For those of us who enjoy a nice dessert after a hearty sandwich, Uncle Paulie’s has a nice selection of sweets. Strategically placed near the cashier you’ll find neatly stacked containers of NY style cheesecake in the refrigerated case and cookies, brownies and rice crispy treats on the counter begging you to grab one while you pay for your food. The cheesecake recipe belongs to an employee’s mother and he makes it for the deli. The cream cheese is so smooth and delicate while the graham cracker crust is thick, crumbly and buttered but just when think it doesn’t get any better, bam! Chocolate chips at the bottom. Enough said.
There’s a close relationship between Uncle Paulie’s and street wear culture. Located less than a mile from the street wear Mecca, the Fairfax District, Uncle Paulie’s is frequented by icons from that world. Celebrities, chefs and celebrity chefs like James Caan, Matty Matheson, Action Bronson and Adam Perry Lang all have their pictures on the wall. Being that the deli is so intertwined in that world, it would be wrong for Uncle Paulie’s not to have great merchandise. They cover all of the street wear staples; they have snap back caps, hoodies and long sleeve tees.

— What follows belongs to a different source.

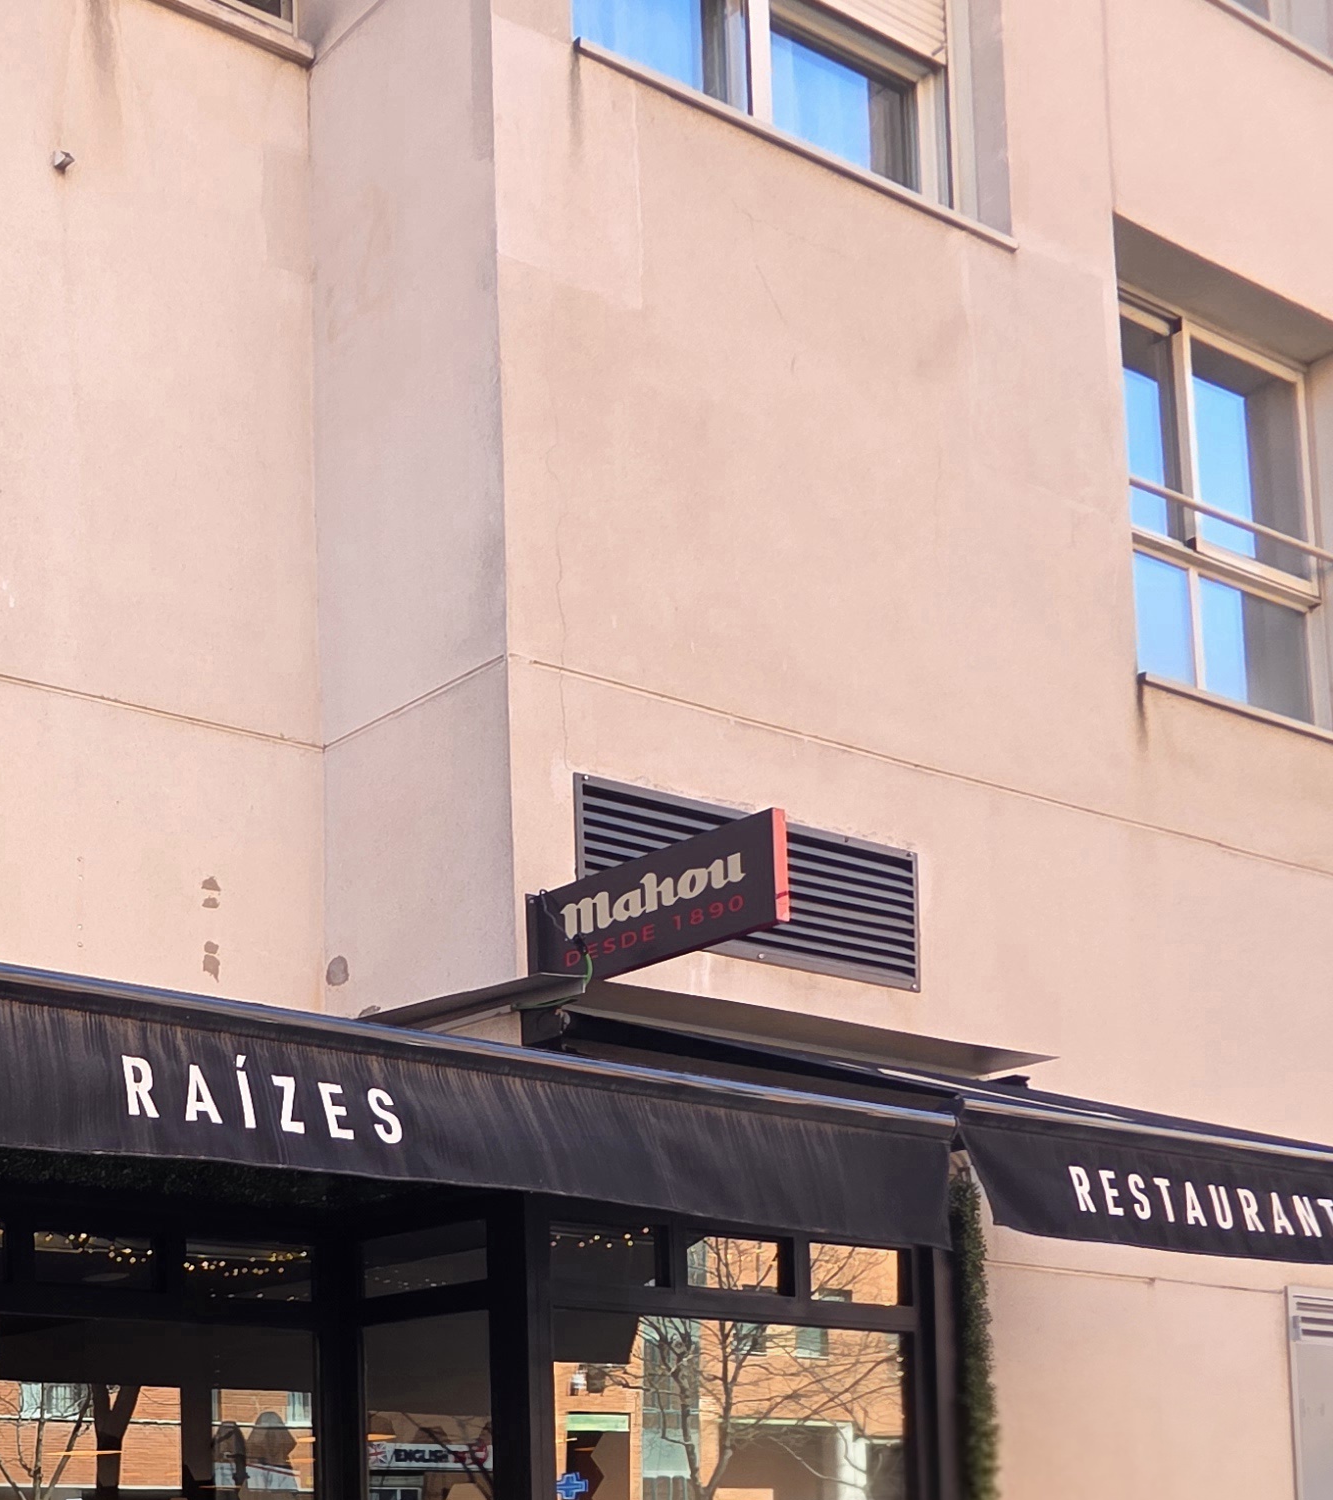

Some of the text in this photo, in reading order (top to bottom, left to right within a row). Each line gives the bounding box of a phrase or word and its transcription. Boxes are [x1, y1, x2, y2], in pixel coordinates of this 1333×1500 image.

[560, 851, 747, 940] Mahou
[564, 893, 746, 968] DESDE 1890
[121, 1054, 403, 1144] RAÍZES

Although Uncle Paulie’s is styled after a New York deli, it represents everything that is cool about LA food. These new restaurant owners are taking it back to their roots by choosing to serve quality food instead of getting folks in and out quickly by cutting corners. Paul and other new owners are taking it back to providing old school style costumer service, making classic foods with fresh and exciting ingredients all while staying true to themselves, their hometowns and their new adopted LA home. I want to thank Paul and his staff for the hospitality and delicious sandwiches. Make sure you check them out when you’re in the Mid-City area.